Much of this article by Allison Brunner, LCSW, is reprinted from Natural Awakenings magazine’s (Lancaster/Berks edition) November 2016 issue.
Many of us know it well: a gnawing in the pit of the stomach, an ache in the chest, shallow breathing, rapid heartbeat or a lump in the throat. Roughly 40 million Americans (or 18 percent of the population above the age of 18), according to the Anxiety and Depression Association of America, experience anxiety as a full-blown disorder.
Most of us encounter the symptoms from time to time. Hardwired to avoid pain, we do everything we can to self-distract or problem-solve our way out. We try to convince ourselves we’re “worrying about nothing”. In cognitive approaches to psychotherapy, too, we examine the validity of the thoughts that create suffering and attempt to assuage our fears by labeling them irrational.
But how effective has that been for you?
Running and thinking (or arguing with our thoughts) exacerbate angst. The worse we feel, the more afraid we tend to become, wondering how long the discomfort will last or whether it may worsen and turn us crazy. Our minds are adept at tricking us into believing that what’s really a mouse in the closet is a six-foot monster with fangs.
What if we tuned into our bodies when the symptoms, like little lights on an automobile dashboard, indicated distress? What if we pulled up a chair and invited our anxiety to tea, so to speak? When we take the opportunity to face it, feel it and get to know it a little better, it calms. We can drop beneath it and find that where it was trying to turn our attention is an emotion that is far more tolerable than panic or fear. There may be sadness, grief, disappointment or anger—only a mouse when compared to the anxiety monster.
Try the following next time the body-mind gets noisy.
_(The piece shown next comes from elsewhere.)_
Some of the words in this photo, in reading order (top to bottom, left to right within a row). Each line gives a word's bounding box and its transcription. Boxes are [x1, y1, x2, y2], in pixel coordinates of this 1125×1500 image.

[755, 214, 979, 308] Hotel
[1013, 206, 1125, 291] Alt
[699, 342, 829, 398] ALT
Find a safe, quiet space where you can turn your attention inward. It’s best to sit on the floor and allow yourself to feel the support of the earth beneath you. Squeeze all of the breath out of your belly, if you can; then fill it first, before your lungs, with fresh air. Notice whether your body is holding tension and relax if you’d like.
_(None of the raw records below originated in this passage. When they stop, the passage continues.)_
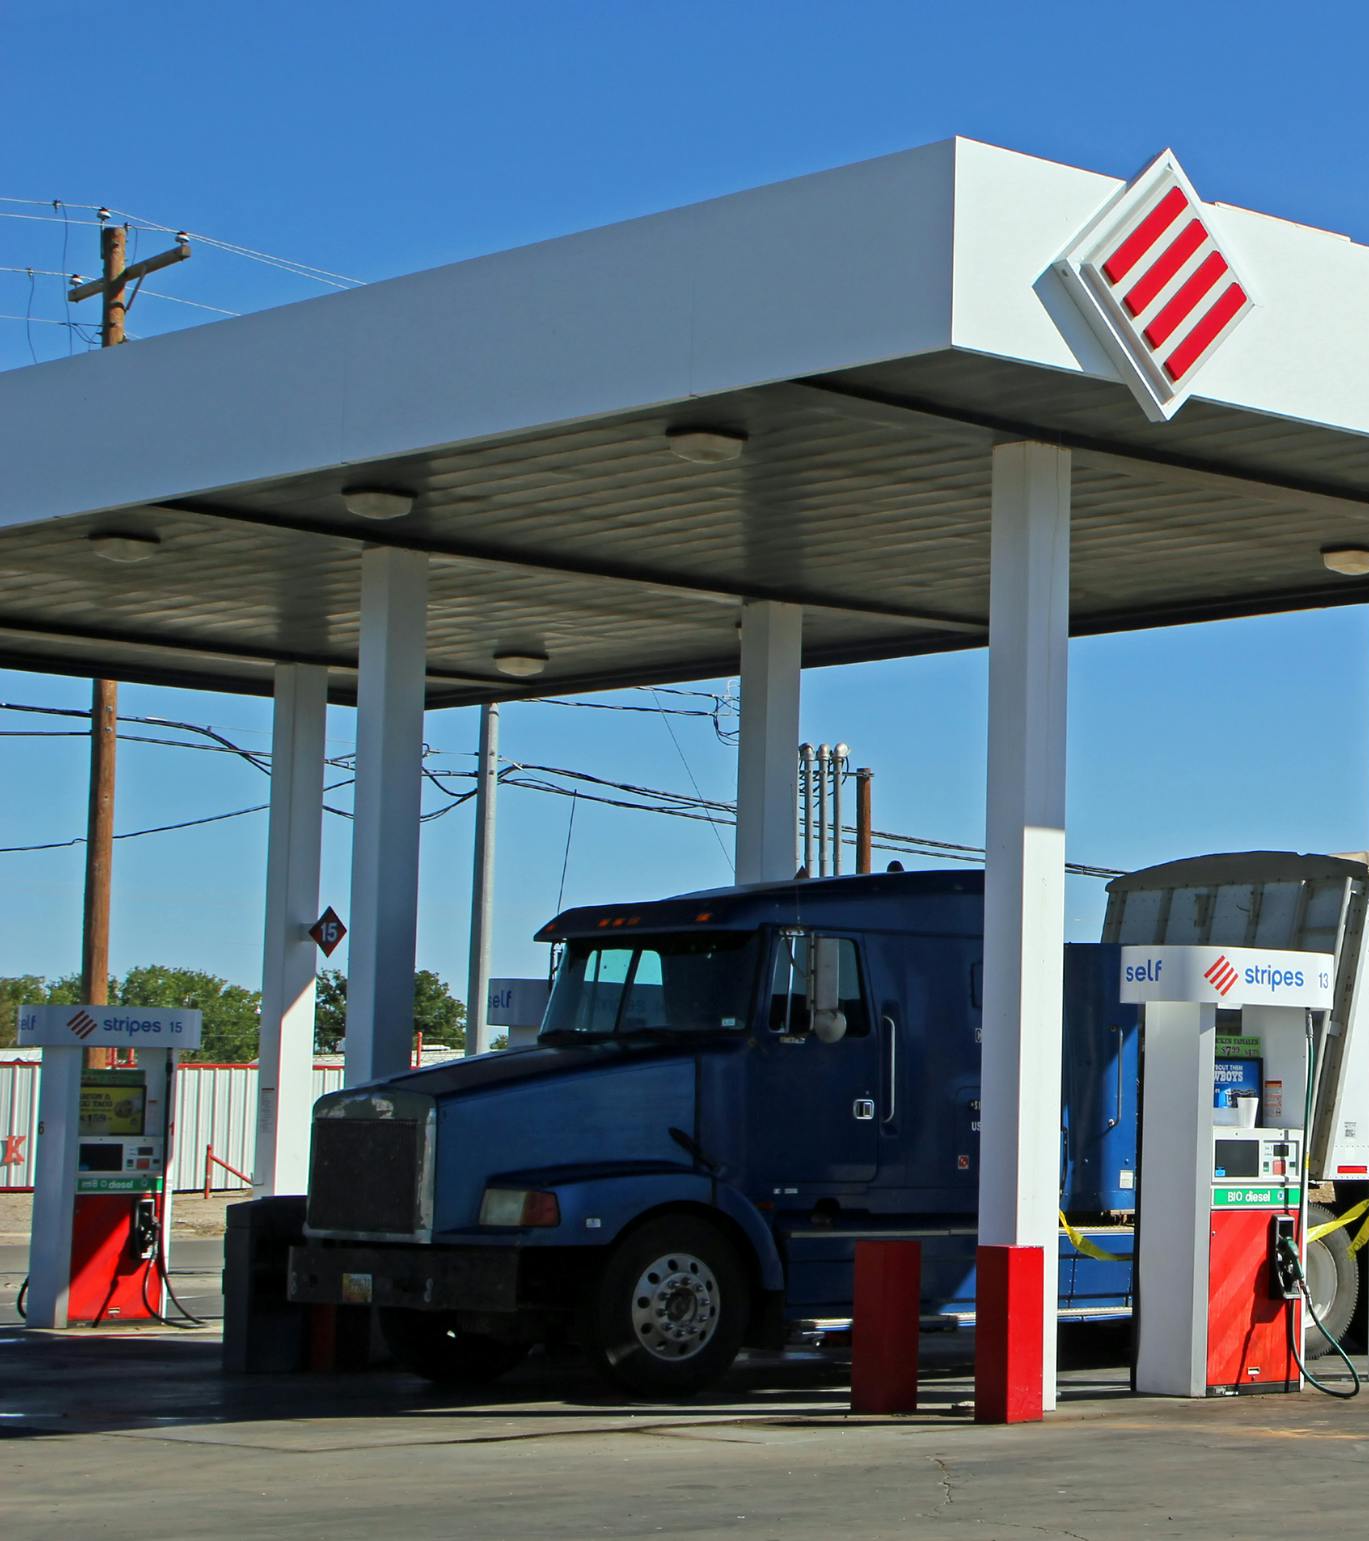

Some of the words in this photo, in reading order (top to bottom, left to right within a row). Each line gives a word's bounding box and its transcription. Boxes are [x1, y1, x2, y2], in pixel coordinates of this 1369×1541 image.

[320, 921, 339, 943] 15
[1125, 959, 1162, 982] self
[1244, 965, 1304, 992] stripes
[1318, 972, 1329, 989] 13
[20, 1015, 37, 1031] elf
[103, 1016, 162, 1037] stripes
[169, 1021, 183, 1034] 15
[1214, 1071, 1244, 1082] WBOYS
[1227, 1191, 1243, 1202] BIO
[1245, 1189, 1271, 1203] diesel
Let go of thinking. There is no future, not even a few minutes from now. There is only this moment. Breathe.
Enhance your feeling of safety by focusing on an object in the room that gives you pleasure. Notice the quality of light where you’re seated. Feel the texture of your clothing against your skin. Notice any sounds, smells, the taste in your mouth.
Where in your body are you feeling anxious? What are the physical sensations that accompany it? Place your awareness in that area. How much space does it take up? Does it have a shape; is it solid or diffuse; does it have a temperature?
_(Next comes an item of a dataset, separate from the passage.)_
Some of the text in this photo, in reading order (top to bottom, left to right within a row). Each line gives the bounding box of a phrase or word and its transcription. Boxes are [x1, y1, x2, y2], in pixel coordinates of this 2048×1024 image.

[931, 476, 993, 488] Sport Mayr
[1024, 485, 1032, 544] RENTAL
Stay out of story. Remove the labels (good, bad, awful, terrified) from what you’re feeling. Simply allow yourself to feel what you feel.
What does your body want to do? Does it want to curl into a ball while wrapped in blankets? Do you need to cry into a pillow or scream? Do you need to shake, punch or kick? Allow the release.
Emotions move like waves; they don’t last forever. Give yourself 15 to 30 minutes to ride this one, rather than being pummeled by it, and know that the nervous system will calm again. When we resist, anxiety persists and either somaticizes or intensifies.
Once the waters still, ask your body what it needs. Reconnect to your five senses and where you’re situated in time and space. Soothe yourself with a warm bath, lit candles, low lights or relaxing music. Make yourself a warm cup of tea. After you’ve braved this storm, those in the future will feel more manageable.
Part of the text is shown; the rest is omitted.